Investigating Microwave-Synthesized Nanoferrites as Core Materials for RF On-Chip Inductors
Abstract
On-chip inductors play a major role in radio frequency integrated circuits (RFICs), finding applications in radio frequency microelectromechanical systems (RF MEMS), power-electronics, and biomedical MEMS. Despite advancements in transistor technology enabling more transistors on a single chip, the lag in miniaturizing passive components, especially on-chip inductors, poses a bottleneck in meeting the demands of 5G and beyond. Significant progress has been made by leveraging advanced 3D MEMS fabrication techniques to enhance the inductance density of on-chip inductors. Nevertheless, when traditional fabrication methods like planar processing are applied to 3D structures, challenges such as mechanical stability, conformity, alignment, and cost arise. Researchers have looked at magnetic core materials that can be integrated into the CMOS technology to improve the inductance performance at GHz frequencies.

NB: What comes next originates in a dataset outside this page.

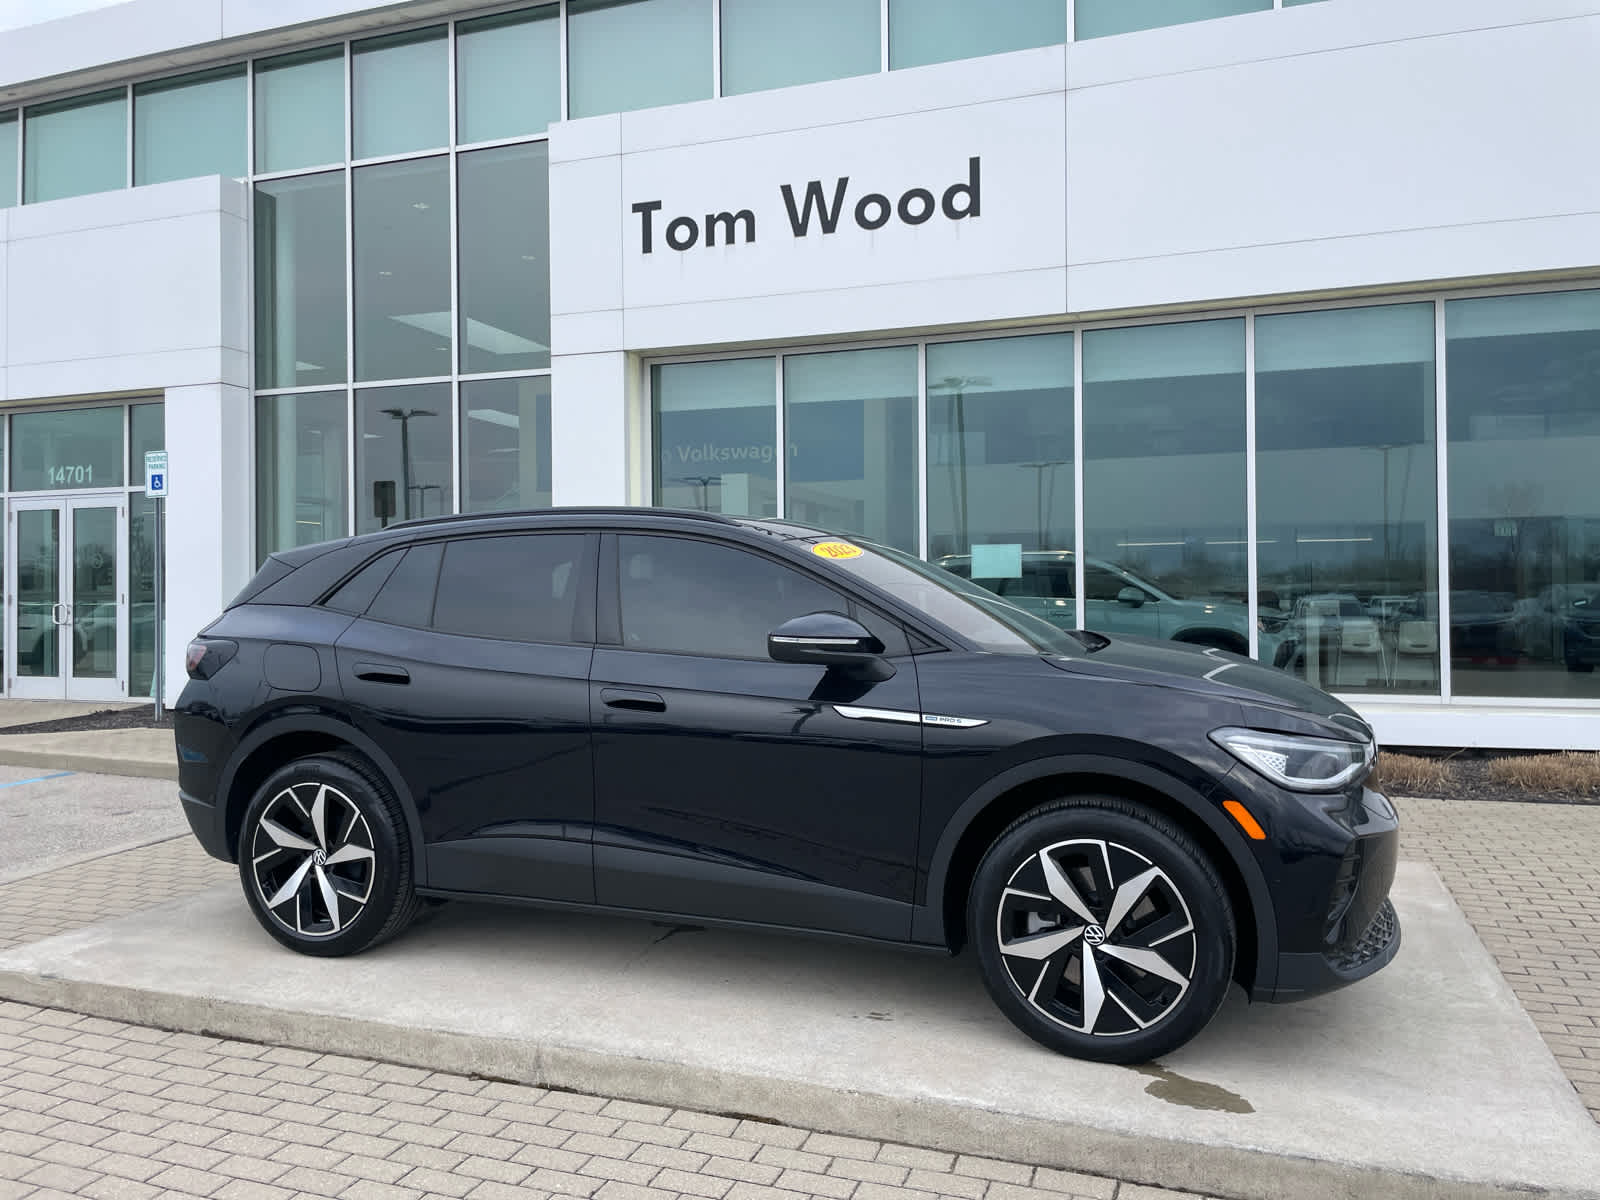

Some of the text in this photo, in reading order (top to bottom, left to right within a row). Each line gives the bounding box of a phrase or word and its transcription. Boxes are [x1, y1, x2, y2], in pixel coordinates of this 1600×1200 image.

The Microwave-assisted solvothermal (MAS) process offers a backend-of-the-line (BEOL) compatible, low-temperature, rapid, and single-step method for depositing conformal ferrite thin films. Work by Sai et al. with MAS-based zinc ferrite and manganese zinc ferrite has shown significant improvements, approximately 13% in inductance and about 25% in the Q factor, when integrated into on-chip inductors operating at GHz frequencies. This suggests that the ferromagnetic resonance frequency (f_FMR) of MAS-based ferrites is well in the GHz range. However, the reason behind MAS-based ferrites exhibiting high-frequency response, unlike bulk ferrites, remains unknown. It is crucial to gain a deeper understanding of the physics governing the high-frequency response and its connection to the material structure to leverage these unique properties. This dissertation takes a comprehensive approach, from examining the formation of ferrites in the MAS process to analyzing the resulting structural properties that lead to distinctive high-frequency magnetic properties and their integration into on-chip inductors to enhance performance.
In this regard, this thesis investigates the chemical pathways within the MAS process, leading to iron oxides forming from the reactions between iron(III) acetylacetonate in solvents with varying microwave activity levels. This detailed analysis of the reaction products enables us to elucidate prenucleation reactions and growth mechanisms, shedding light on some unique properties of MAS-based ferrites, as discussed in the subsequent part of the presentation. Then, we will focus on the synthesis and characterization of spinel ferrite nanoparticles and thin films, which are relevant as magnetic cores for on-chip inductors. A comprehensive Raman analysis unveils the far-from-equilibrium cation distribution of MAS-based superparamagnetic ferrites. Additionally, two distinct methods are introduced—a post-synthesis process and an in-situ process—to fine-tune the cation distribution of ferrites. These methods provide valuable insights into how cation distribution impacts the static and high-frequency magnetic properties of these materials.
In-depth studies of the frequency-dependent complex permeability were conducted to determine the operational frequency of the materials. The results illuminate the coexistence of superparamagnetic and ferromagnetic resonance in thin films characterized by well-formed, ultra-fine crystallites of spinel ferrite. Notably, the superparamagnetic resonance frequency extends the cut-off frequency of nickel-zinc ferrites up to 25 GHz, breaching Snoek’s limit. Subsequently, this film is integrated as the core of an on-chip inductor, increasing inductance and Q factor up to 30% and 17%, respectively. During the deposition process, we encountered two significant challenges. Firstly, with the increase in film thickness, the film delaminates from the substrate surface due to the variations in the thermal expansion coefficients between the substrate and the film. Secondly, the ferrite material was needed to effectively etch above the contact pads to enable accurate measurements. To overcome these hurdles, a multi-layer deposition approach was adopted to alleviate stress during film growth. Additionally, a chlorine-based wet etching method was also devised to pattern the ferrite film precisely.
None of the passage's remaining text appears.